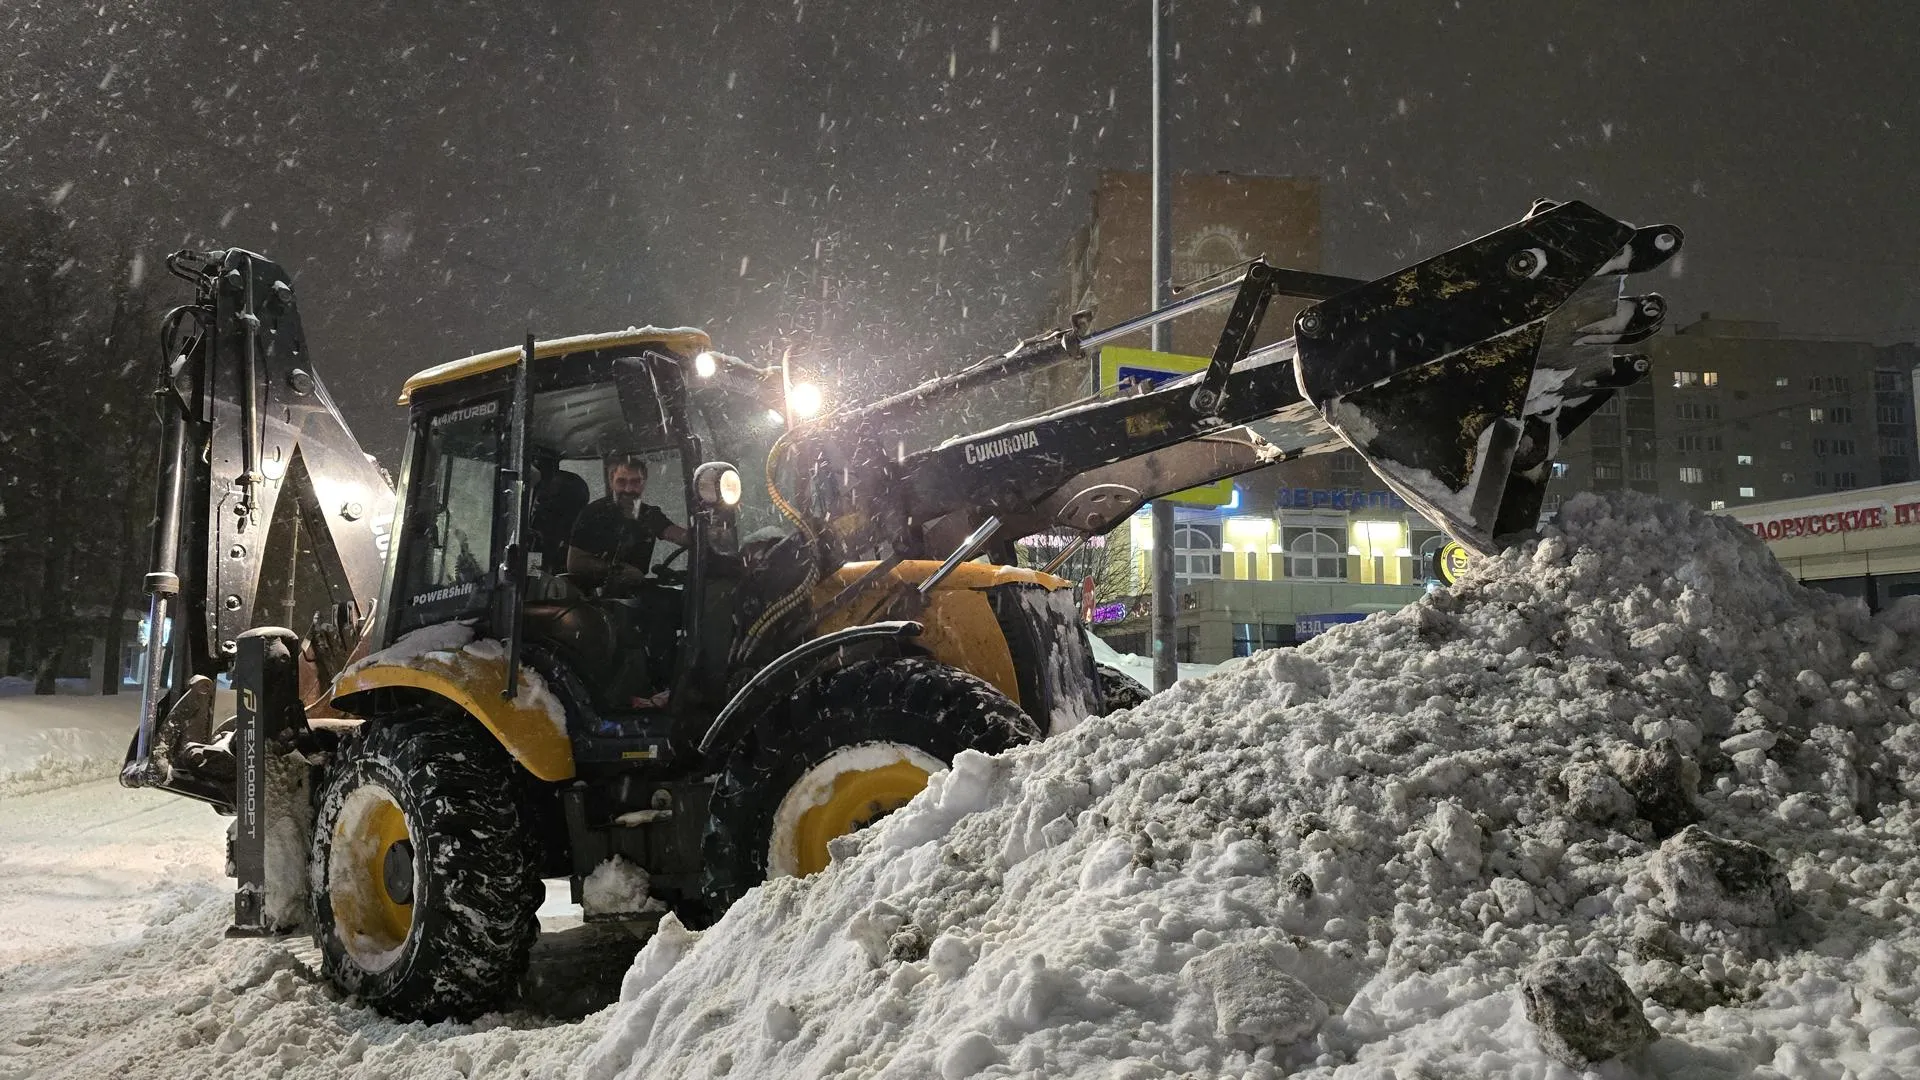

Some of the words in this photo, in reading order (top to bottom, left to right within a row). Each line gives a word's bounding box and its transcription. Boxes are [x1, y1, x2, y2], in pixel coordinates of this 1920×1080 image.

[965, 430, 1039, 465] CUKUROVA
[1744, 506, 1884, 539] ЛОРУССКИЕ
[247, 715, 256, 840] ТЕХНОФОРТ
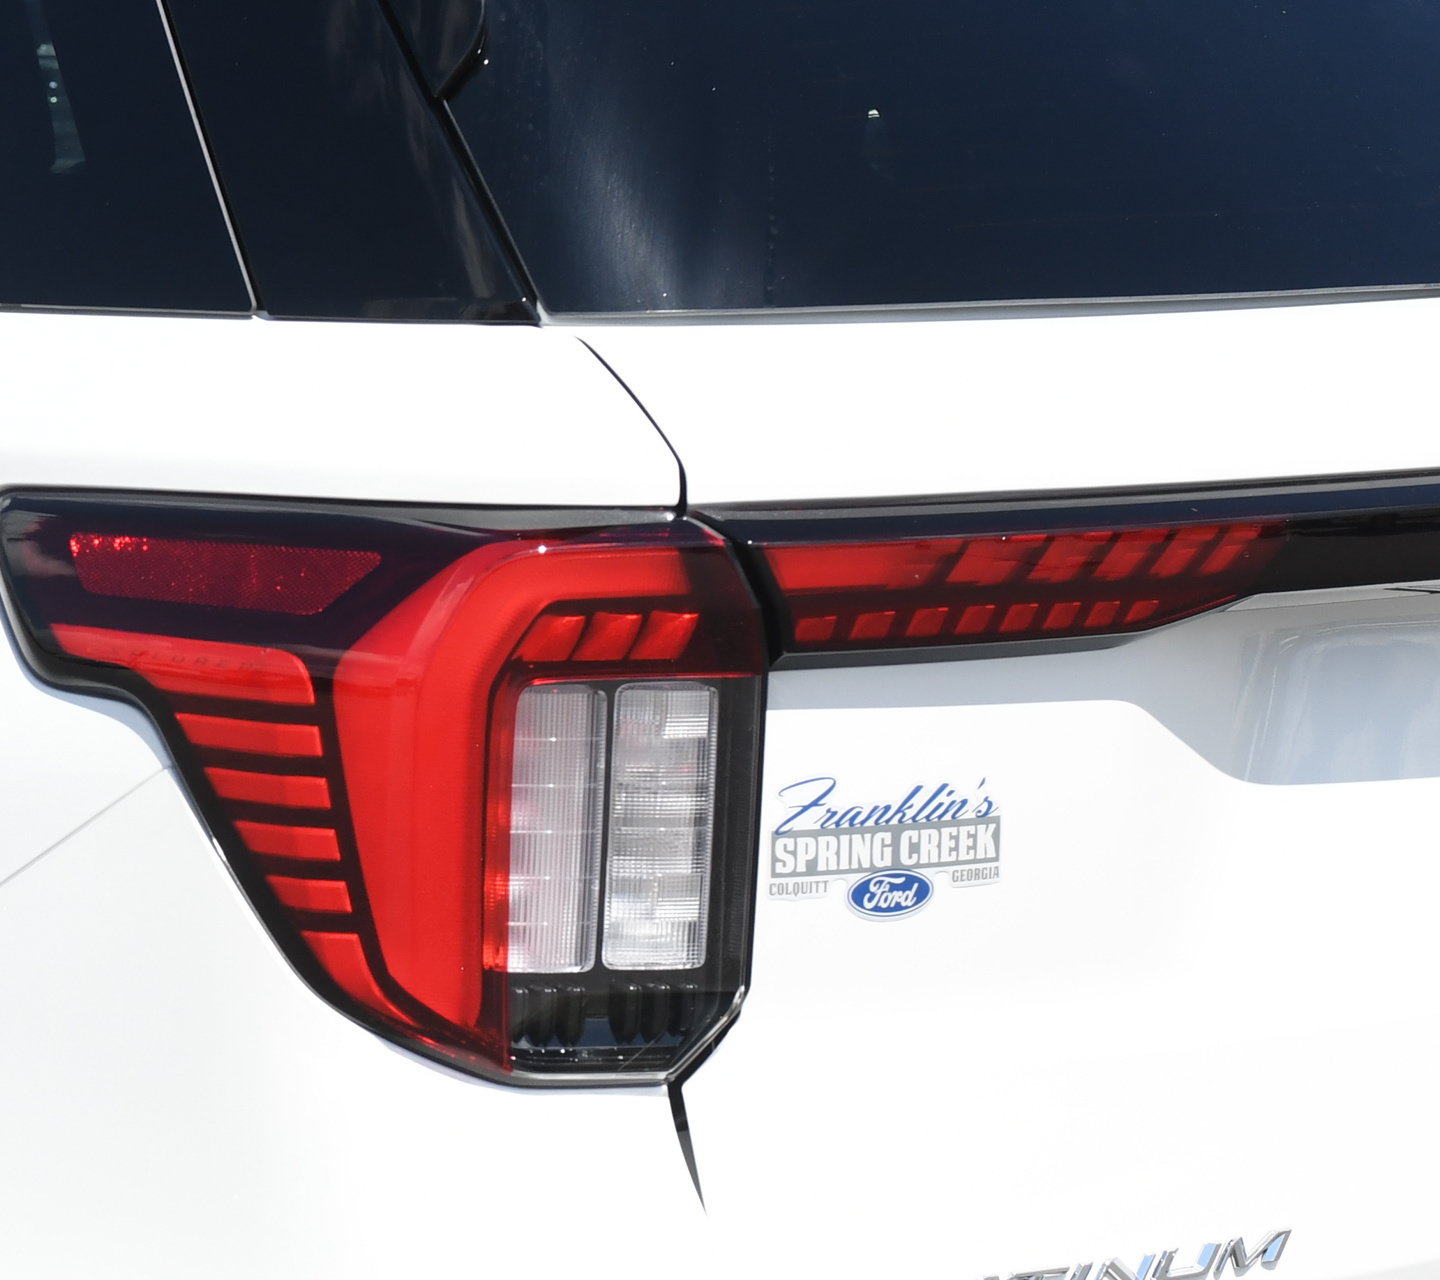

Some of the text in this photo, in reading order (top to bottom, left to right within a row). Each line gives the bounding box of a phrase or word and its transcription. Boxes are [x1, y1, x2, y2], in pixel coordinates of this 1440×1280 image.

[774, 776, 1001, 837] Franklin's
[774, 823, 997, 873] SPRING CREEK
[769, 880, 830, 898] COLQUITT
[951, 865, 1001, 884] GEORGIA
[863, 876, 919, 909] Ford

WHAT THE TASK ASKS
Beginning at the line that contains "Some of the text", retype each line of the listing up to and including the last one, exactly as it stands, and nothing else.

EXERCISE RESULT
Some of the text in this photo, in reading order (top to bottom, left to right within a row). Each line gives the bounding box of a phrase or word and its transcription. Boxes are [x1, y1, x2, y2], in pixel coordinates of this 1440×1280 image.

[774, 776, 1001, 837] Franklin's
[774, 823, 997, 873] SPRING CREEK
[769, 880, 830, 898] COLQUITT
[951, 865, 1001, 884] GEORGIA
[863, 876, 919, 909] Ford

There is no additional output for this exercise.